*** Records for processing ***

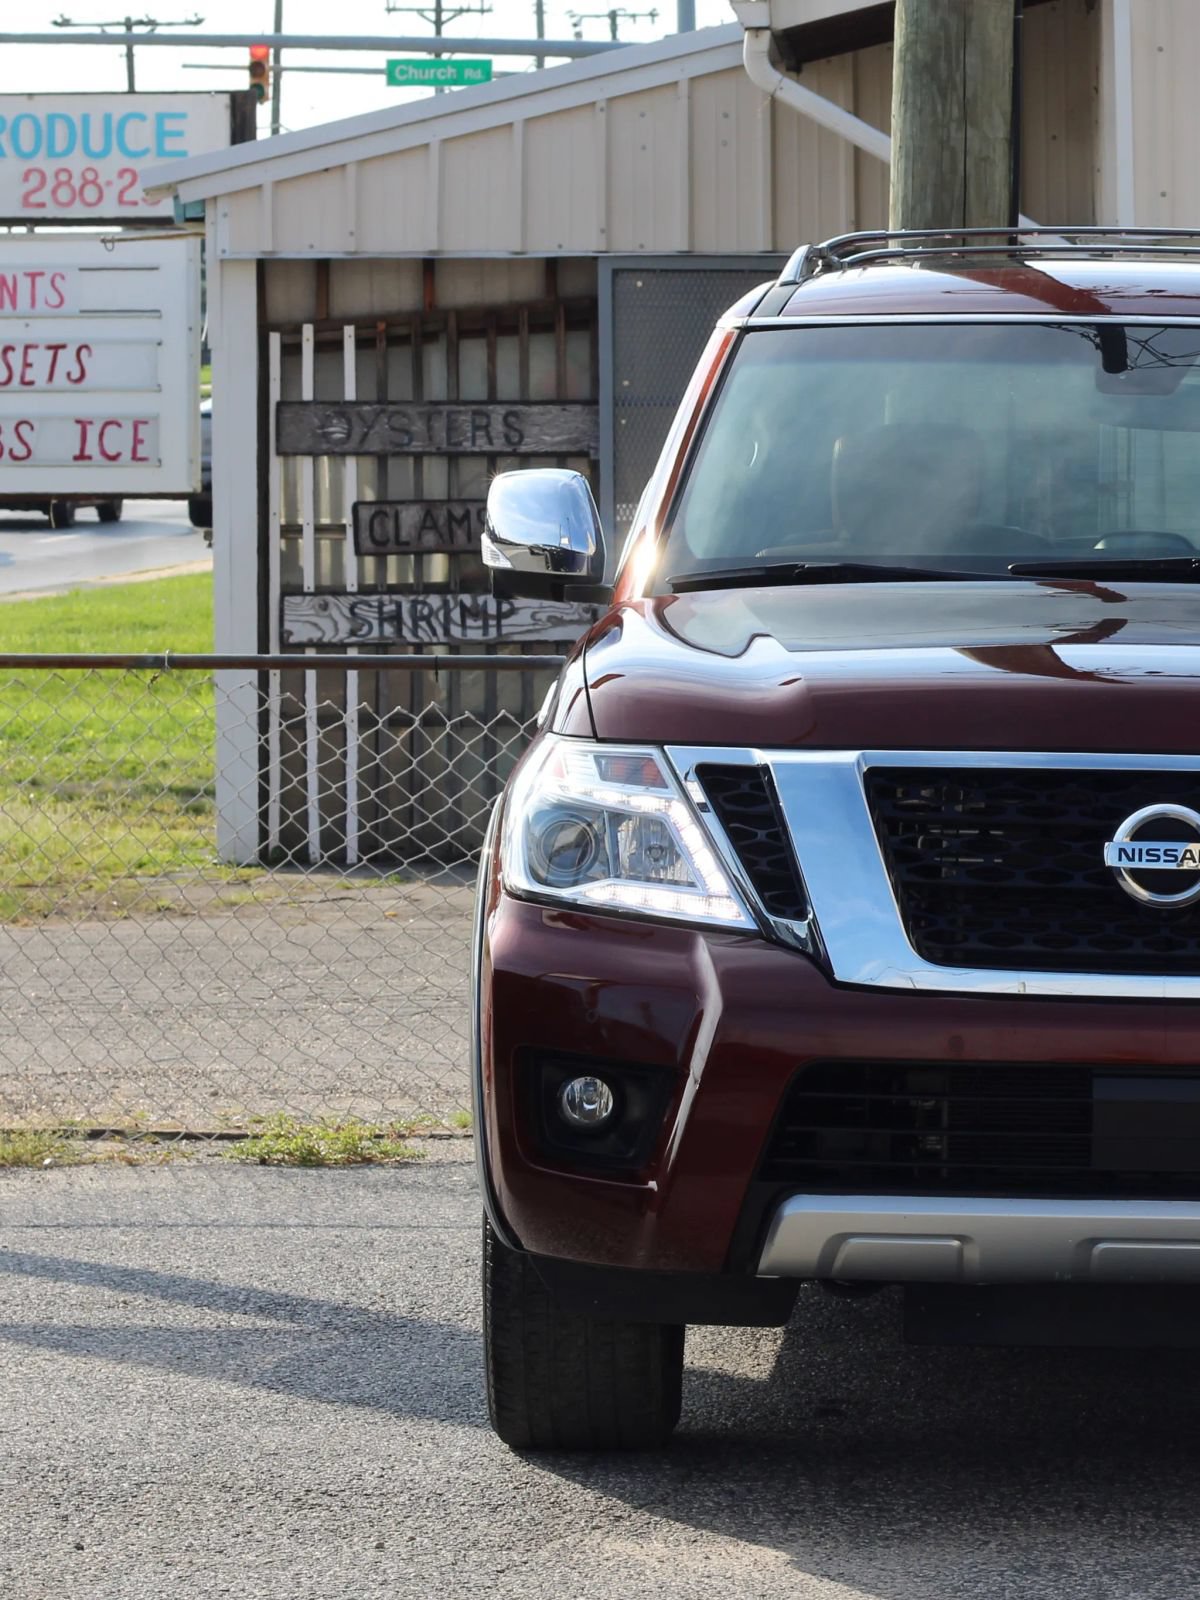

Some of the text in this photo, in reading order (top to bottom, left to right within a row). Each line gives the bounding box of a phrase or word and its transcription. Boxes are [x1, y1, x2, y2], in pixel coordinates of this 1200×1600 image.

[395, 65, 457, 80] Church
[0, 112, 188, 159] ODUCE
[22, 167, 162, 209] 288-2
[0, 344, 92, 386] SETS
[72, 419, 149, 462] ICE
[318, 408, 525, 448] OYSTERS
[348, 598, 516, 639] SHRIMP
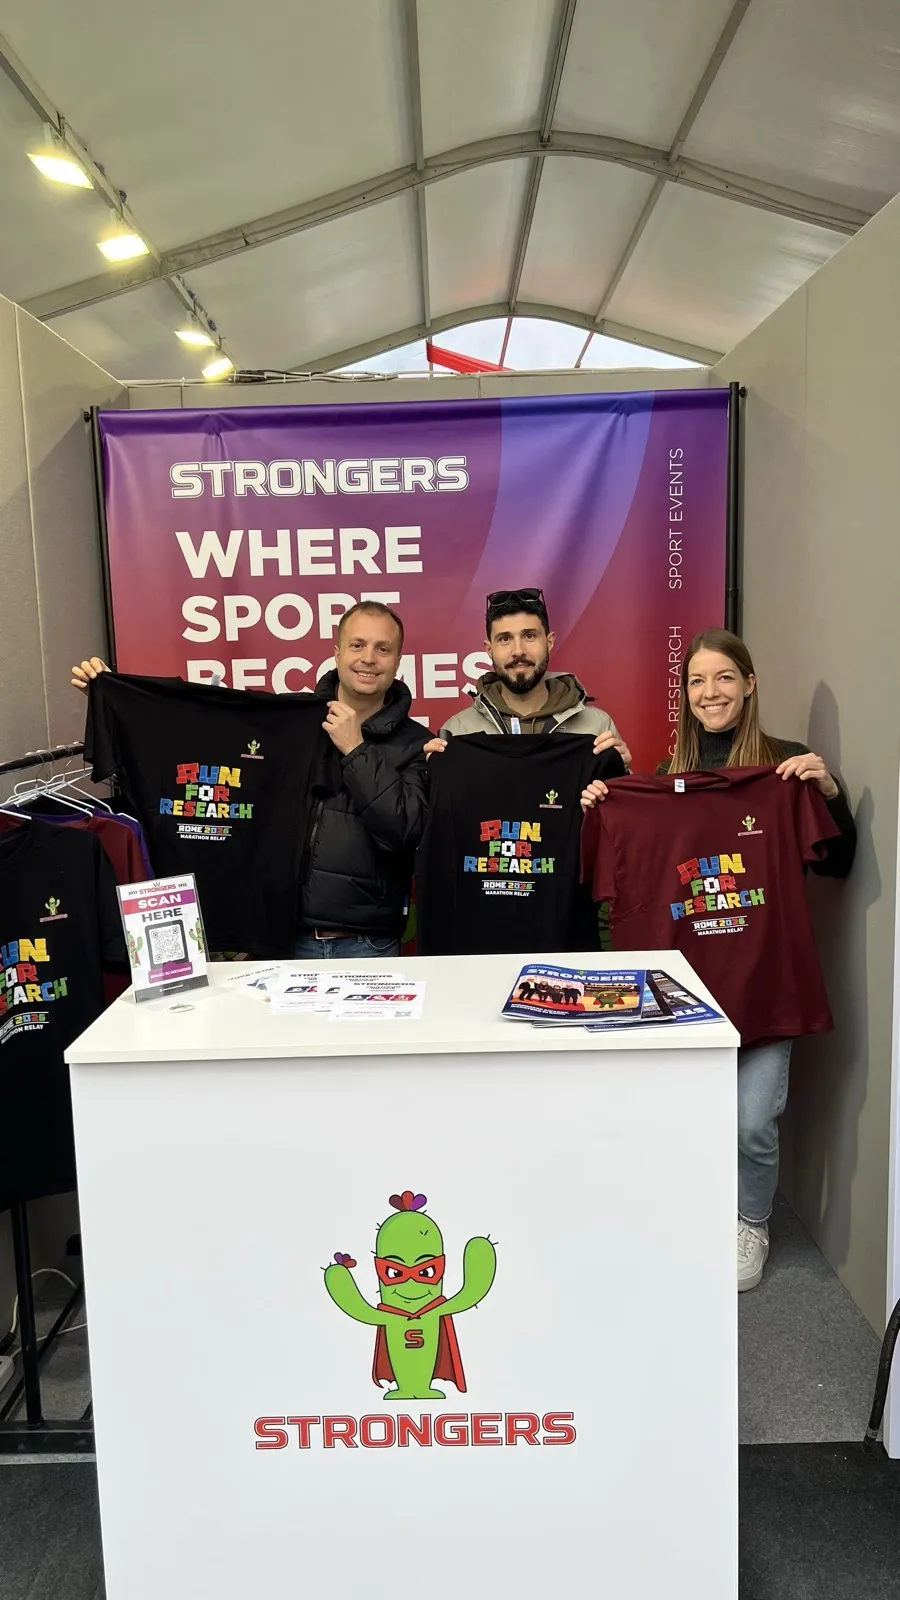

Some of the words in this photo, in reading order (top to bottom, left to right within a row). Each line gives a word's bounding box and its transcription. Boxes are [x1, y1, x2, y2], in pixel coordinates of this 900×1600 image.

*** End of Records for processing ***

Each line above should be printed again exactly, though the pictures should not be.

Finished task
Some of the text in this photo, in reading order (top to bottom, left to right within a row). Each line gives the bounding box of a phrase or word and its transcription. Boxes are [x1, y1, x2, y2], in pixel coordinates of this 1200×1600 image.

[395, 65, 457, 80] Church
[0, 112, 188, 159] ODUCE
[22, 167, 162, 209] 288-2
[0, 344, 92, 386] SETS
[72, 419, 149, 462] ICE
[318, 408, 525, 448] OYSTERS
[348, 598, 516, 639] SHRIMP

Some of the words in this photo, in reading order (top to bottom, left to right within a row). Each line gives a word's bounding box and its transcription. Boxes are [x1, y1, x2, y2], in pixel coordinates of this 900×1600 image.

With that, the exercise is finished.